Parents at the Cole Arts and Sciences Academy, a neighborhood school in northeast Denver, have dropped to a collective knee and proposed marriage to the high-performing Denver School of Science and Technology. Parents Friday formally asked DSST to open its third campus, grades 6-12, in the imposing Cole building in the fall of 2011. This would allow students in the under-served neighborhood to enroll in pre-kindergarten and stay in the same school through high school.
Although others — most recently Montbello High School — have discussed the idea of an in-school feeder pattern, this may be the first time in Denver that such a marriage has been formally put forward. And marrying a chatter school to a neighborhood public school would be the best kind of mixed marriage.

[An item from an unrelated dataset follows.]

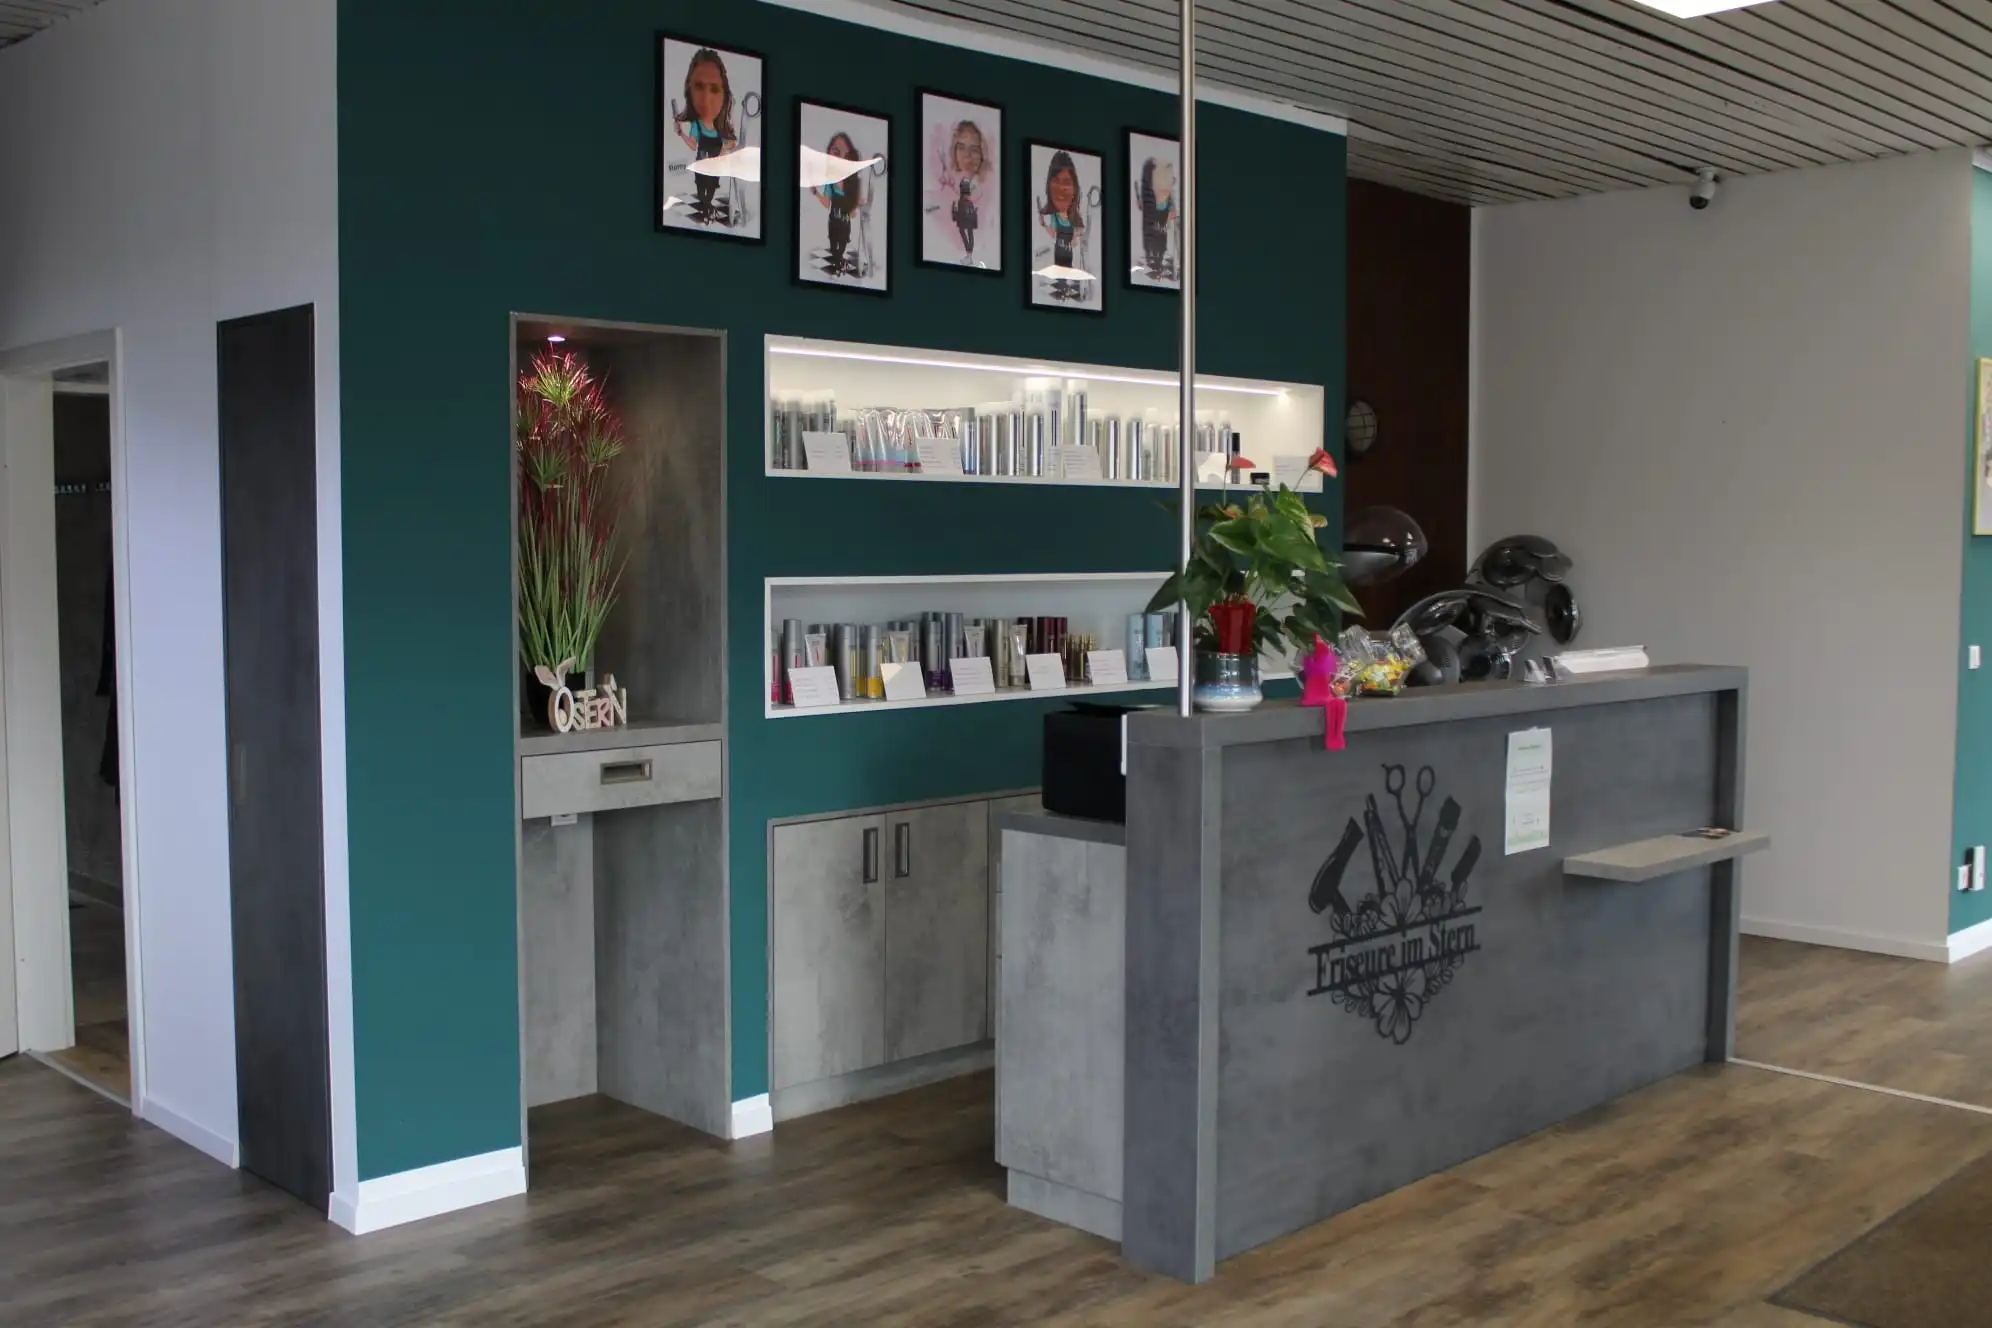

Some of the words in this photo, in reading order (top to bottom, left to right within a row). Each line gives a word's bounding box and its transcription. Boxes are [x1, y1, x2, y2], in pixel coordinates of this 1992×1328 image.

[1314, 942, 1396, 990] Friseure
[1401, 931, 1423, 965] im
[1428, 923, 1476, 959] Stern
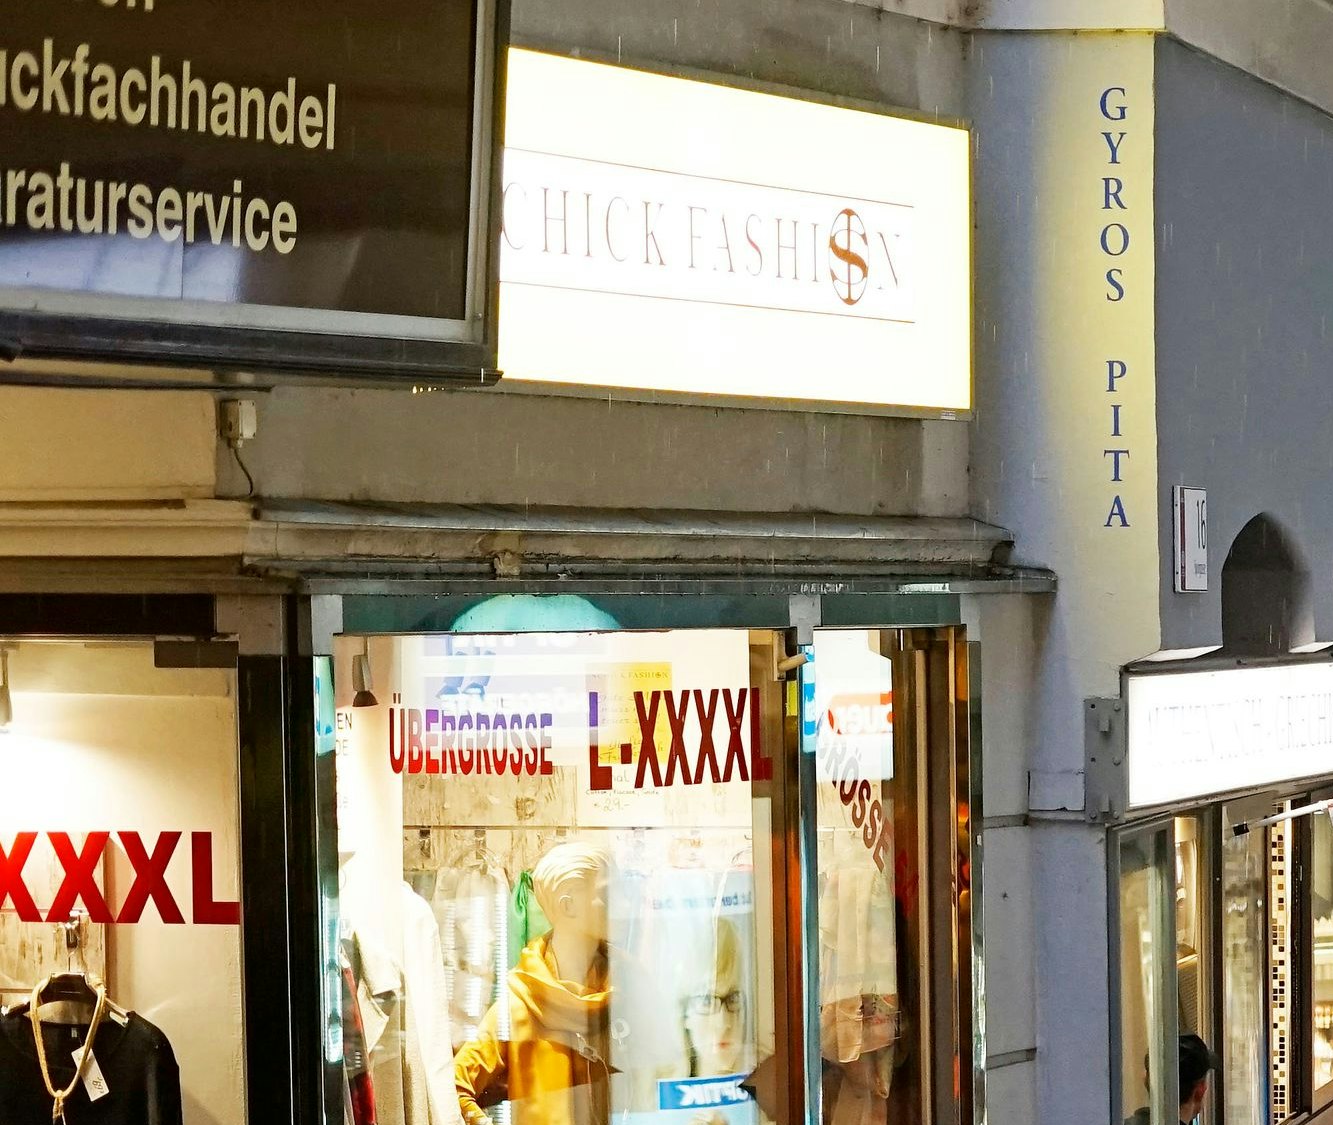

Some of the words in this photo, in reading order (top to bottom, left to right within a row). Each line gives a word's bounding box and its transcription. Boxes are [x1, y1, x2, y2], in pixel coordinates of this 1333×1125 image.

Parents and school officials say that this move is an organic one, growing out of parental desire to see better options for their children. Bill Kurtz, the CEO of DSST public schools, told me that “near northeast Denver wasn’t on our radar” until Cole parents approached him recently.
If this is, as it appears, an authentic parent initiative, it will be interesting to see how the anti-charter forces on the Denver school board will frame their opposition. Or might they decide that this represents the community involvement they’ve been advocating for, and vote in favor of this plan?
Something tells me there will be opposition on the board — but not enough to stop this intriguing partnership.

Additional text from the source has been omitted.